Mavar Desert, India with travel journalist Elizabeth Curtis

We explore remote Rajasthan through her curious senses...

As soon as we arrived at Manvar, the pace slowed from the chaos of the blue city we had left behind. Turning off the main road, onto a dusty dirt track towards our tented abode, I couldn’t help but marvel at the expanse of rugged desert terrain.

The landscape is vast yet intimate, sand dunes hug the flowering desert shrubs; spice plantations breakthrough the golden soil. The air is fresh with a lingering scent of cumin. The canvas tents blend with the subtle colours of its surroundings.

Exploring the land embracing us, we slide down vertical dunes, weave through remote clusters of painted Rajasthan mud huts. We pass children climbing trees, eager to shout a happy hello! Indifferent to the passing jeeps, the herds of goats continue to graze on the solitary patches of green, cows sleep in the easy slow midday sun.

We spot many Indian chinkara gazelle throughout our journey, in awe of their elegance I tried many times to reach for my camera fast enough to take a photo before they leapt into the horizon.
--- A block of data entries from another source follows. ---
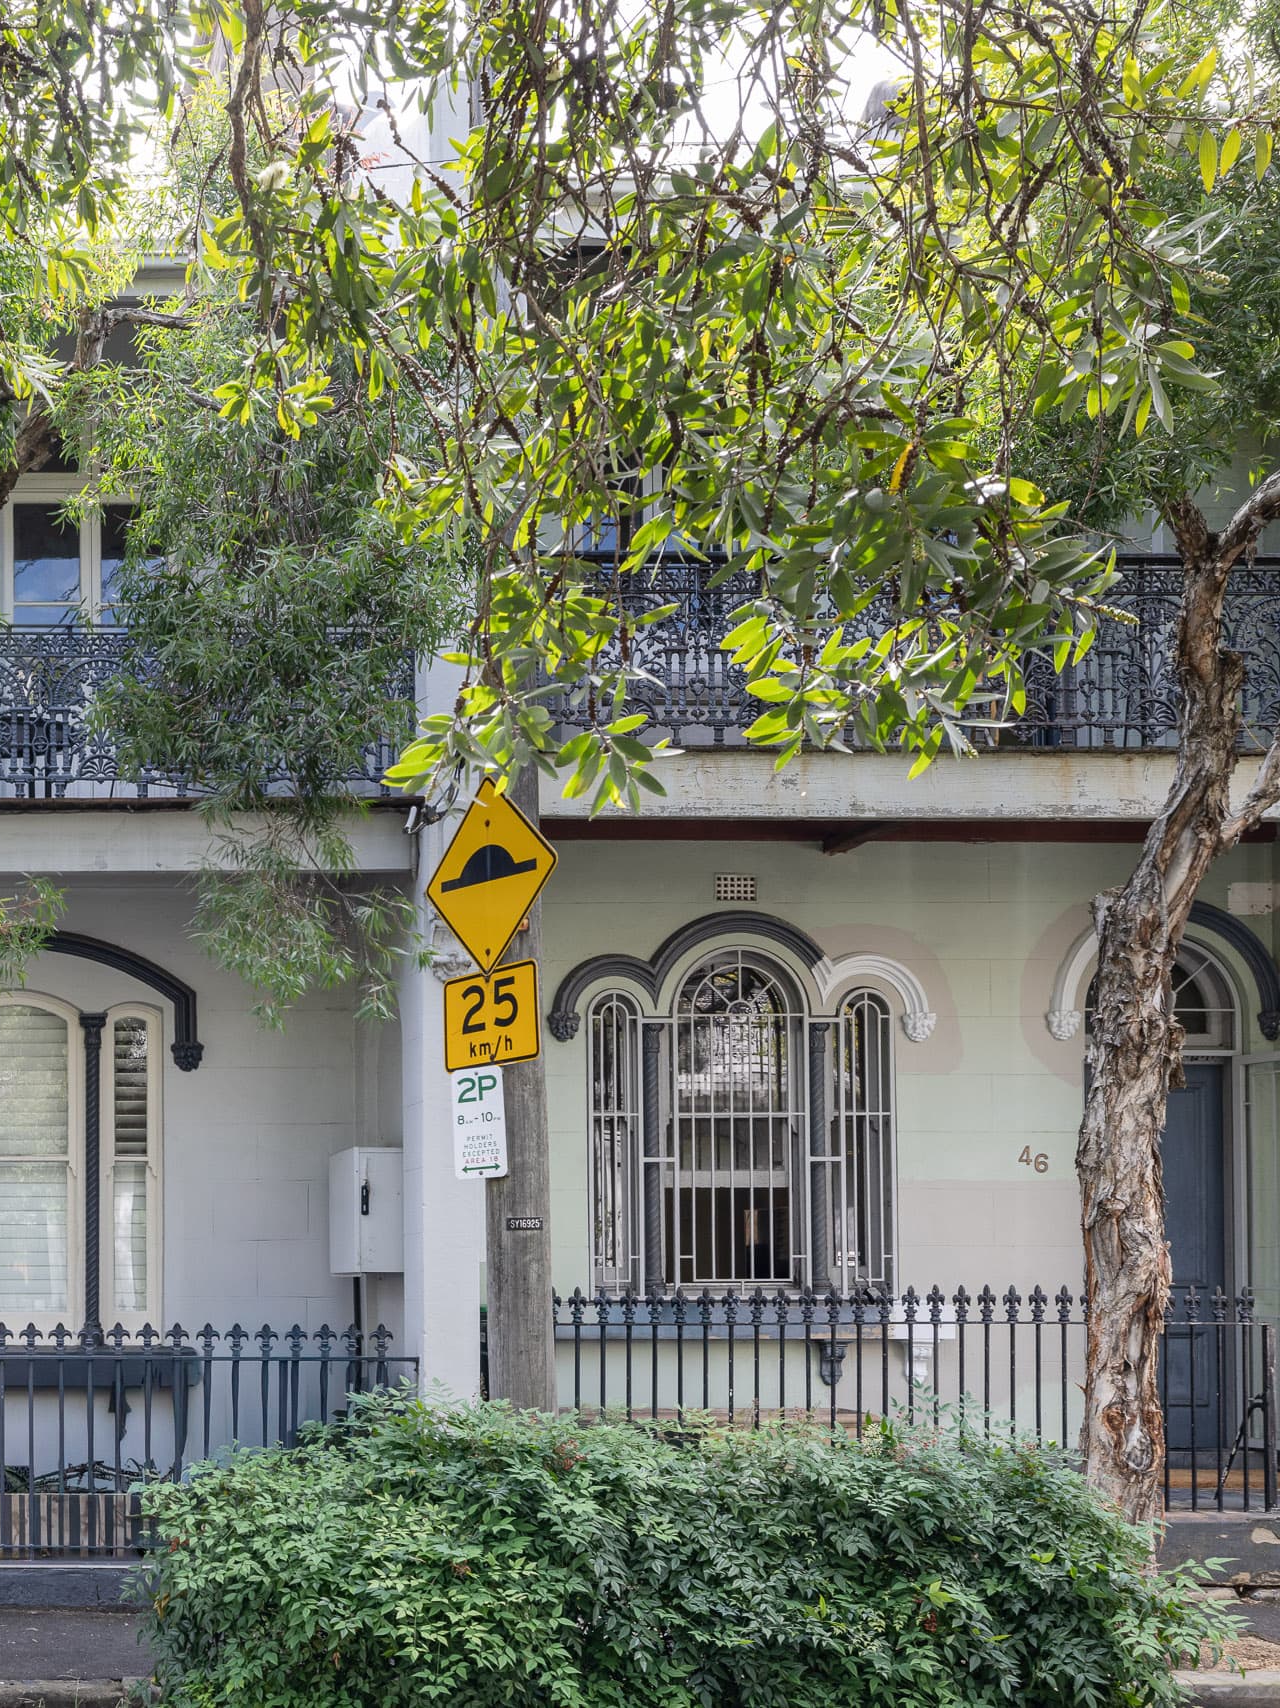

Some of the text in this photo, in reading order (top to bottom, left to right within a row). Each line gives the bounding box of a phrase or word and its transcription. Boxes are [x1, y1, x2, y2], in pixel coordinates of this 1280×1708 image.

[462, 976, 518, 1035] 25
[470, 1034, 513, 1059] km/h
[457, 1075, 497, 1103] 2P
[466, 1133, 493, 1142] PERMIT
[464, 1141, 497, 1150] HOLDERS
[462, 1149, 501, 1158] EXCEPTED
[465, 1157, 486, 1165] AREA
[1018, 1145, 1049, 1174] 46
[510, 1219, 540, 1229] SY16925
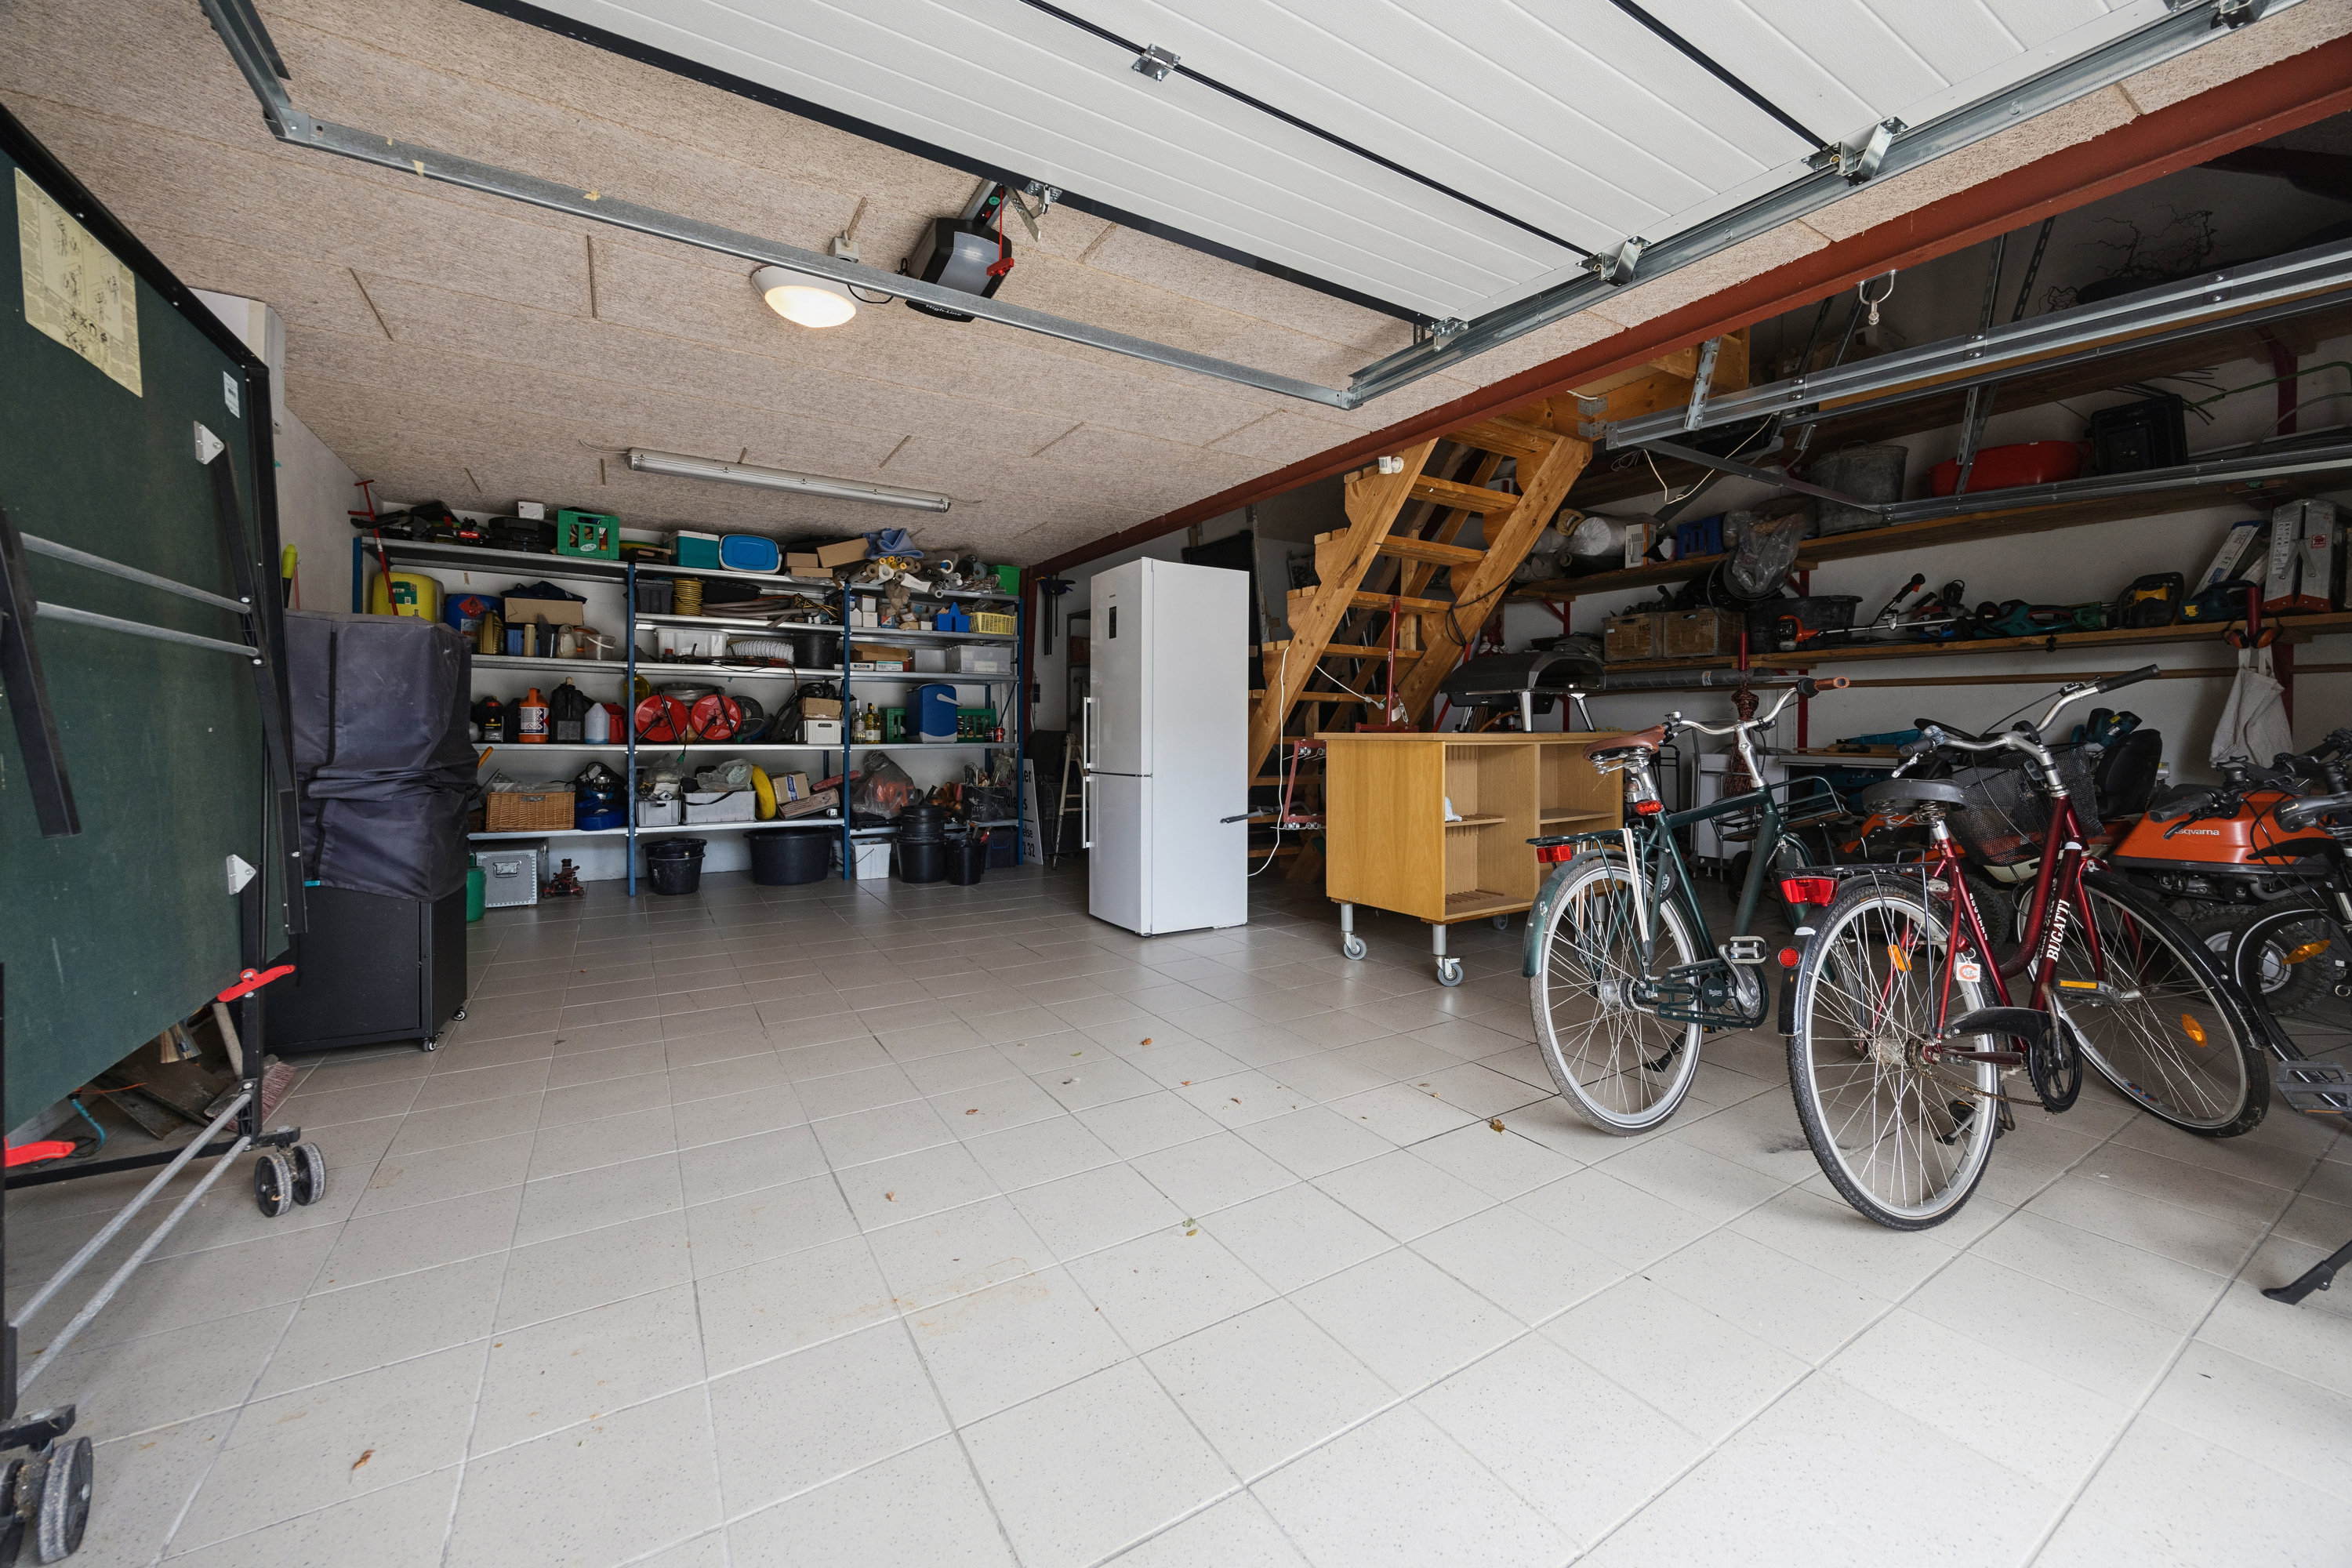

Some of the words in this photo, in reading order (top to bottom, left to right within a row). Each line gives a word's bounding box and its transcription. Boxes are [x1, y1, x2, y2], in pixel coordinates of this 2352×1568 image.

[925, 304, 962, 317] High-Line
[1969, 892, 1988, 941] BUGATTI
[2045, 898, 2071, 963] BUGATTI
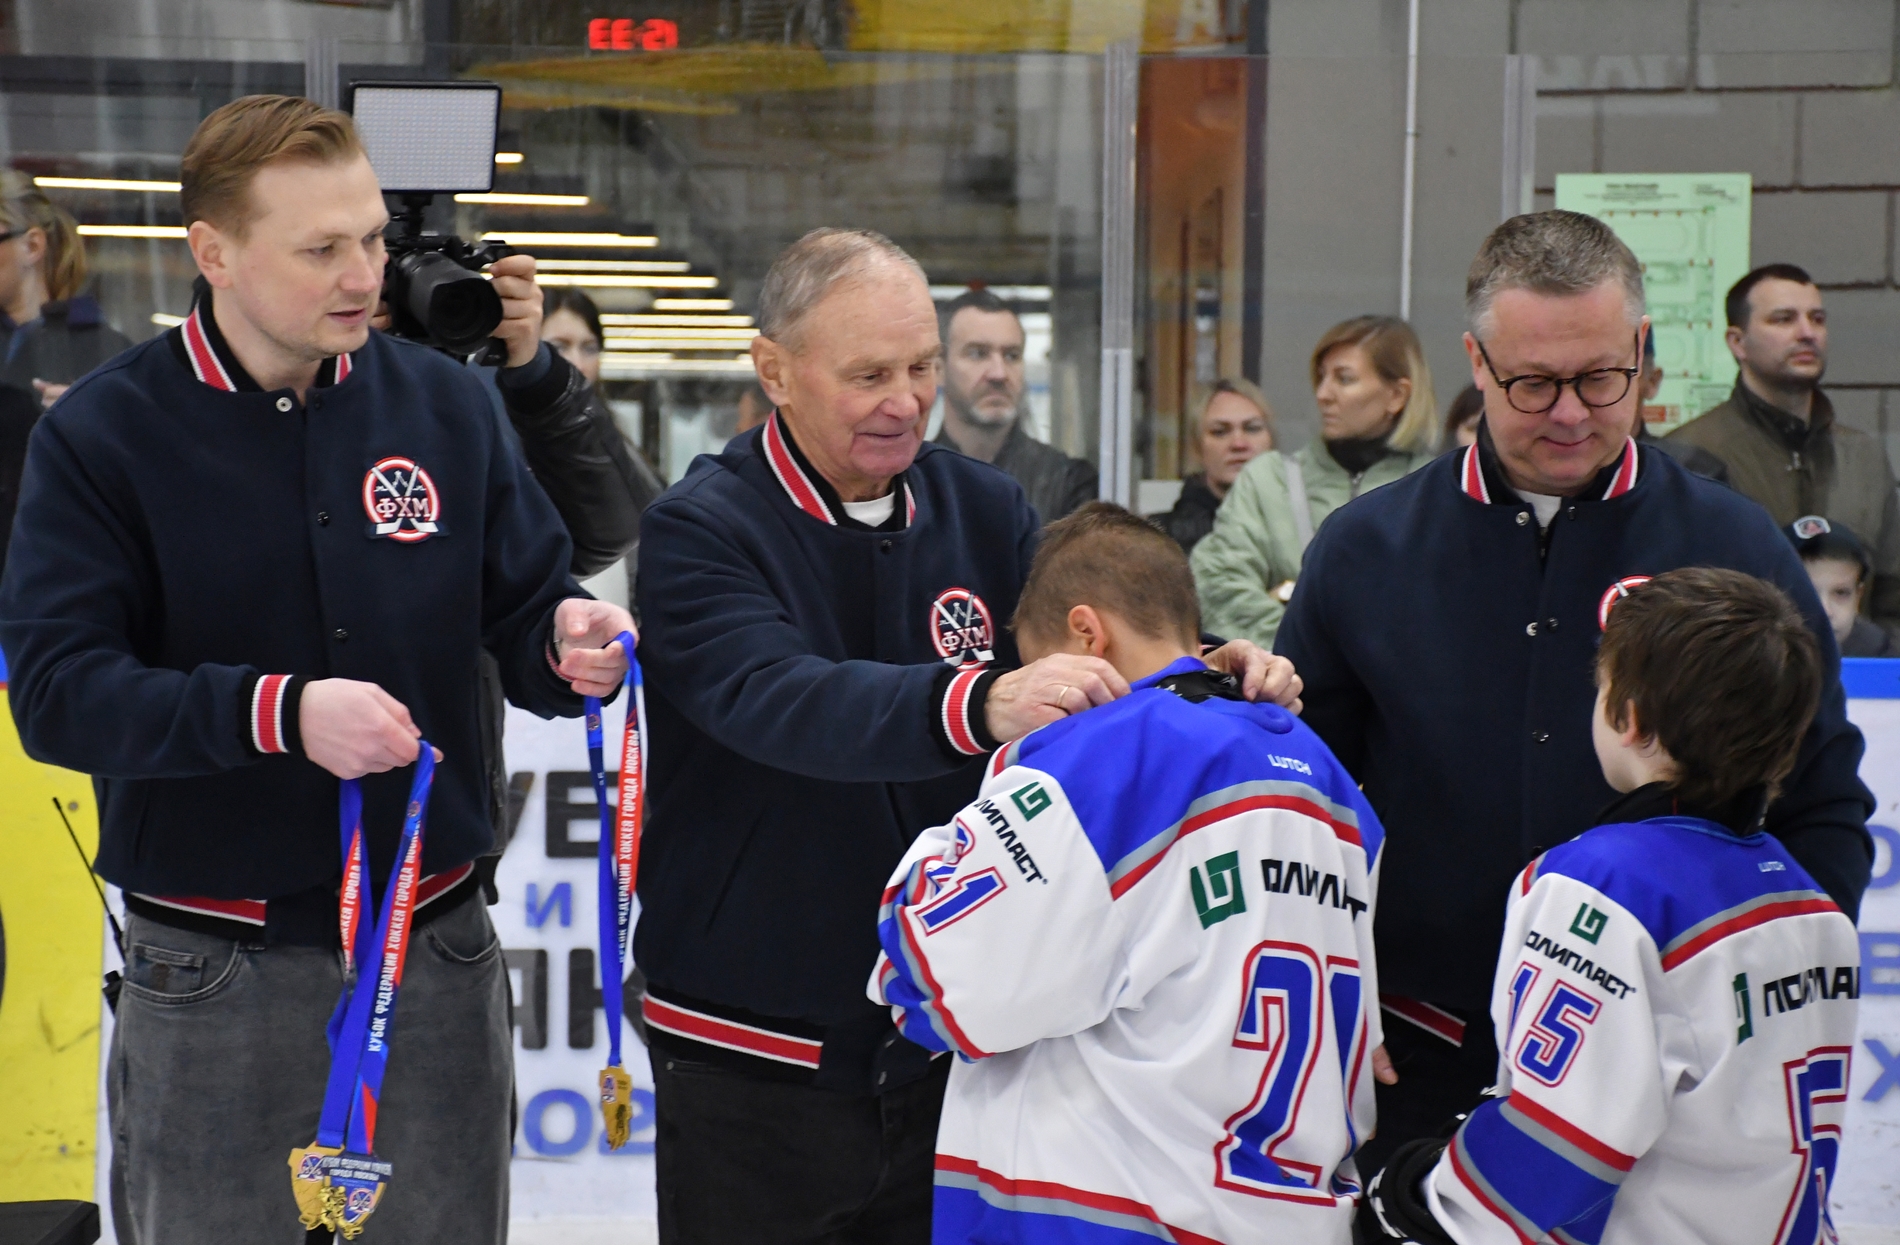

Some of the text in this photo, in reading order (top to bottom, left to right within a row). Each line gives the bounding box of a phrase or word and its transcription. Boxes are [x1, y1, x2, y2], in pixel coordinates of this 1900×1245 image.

Deep into the desert we come across a small village. Here in remote Rajasthan most live in a Bhunga, a mud mixed house made with straw and cow dung. The ochre washed abodes are naturally insulated, adapting to their climate to stay cool in summers and warm in winters. The women take pride in their homes, painting the exterior walls and adorning the interiors with traditional patterns. Generations of these families have lived in this part of India in the same way since ancient times.

There’s no electricity or running water here but the few who do occupy its barren landscape have learned to cope with these conditions. Food is stored in cool chambers for up to a year, the men go off to work making money from agriculture, weaving and as musicians.

It’s humbling to see daily life here. I see a group gathered around in deep conversation with one another, no distraction of a computer or television to take their attention away. A mother cradles her child into her arms, she paints kohl under her eyes to protect from the blaring sun above. The older children climb trees and build castles with the desert sand, ringing their bells to herd the goats.

We felt so welcome, the women were excited to invite us in to their homes and show us their daily way of life. It was heartwarming and reminds me that it’s the simple things. Life is short and the people, places and moments are what matter most.

As dusk sets in, the temperature gently drops, sand cools underfoot. We ride camels out into the desert to watch the final light fade there is only distant sounds from the small farms of children herding the goats home, a perfect crescent moon peeks above and it’s time to ride back our candle lit camp.

After just two nights we easily slipped into a routine of afternoons lazing in hammocks and cold nights wrapped in blankets by the camp fire transported to another world by the local musicians & dancers.

In a world where it’s ever becoming harder to discover the untouched, the Thar desert is a place of genuine, raw beauty where time stands still.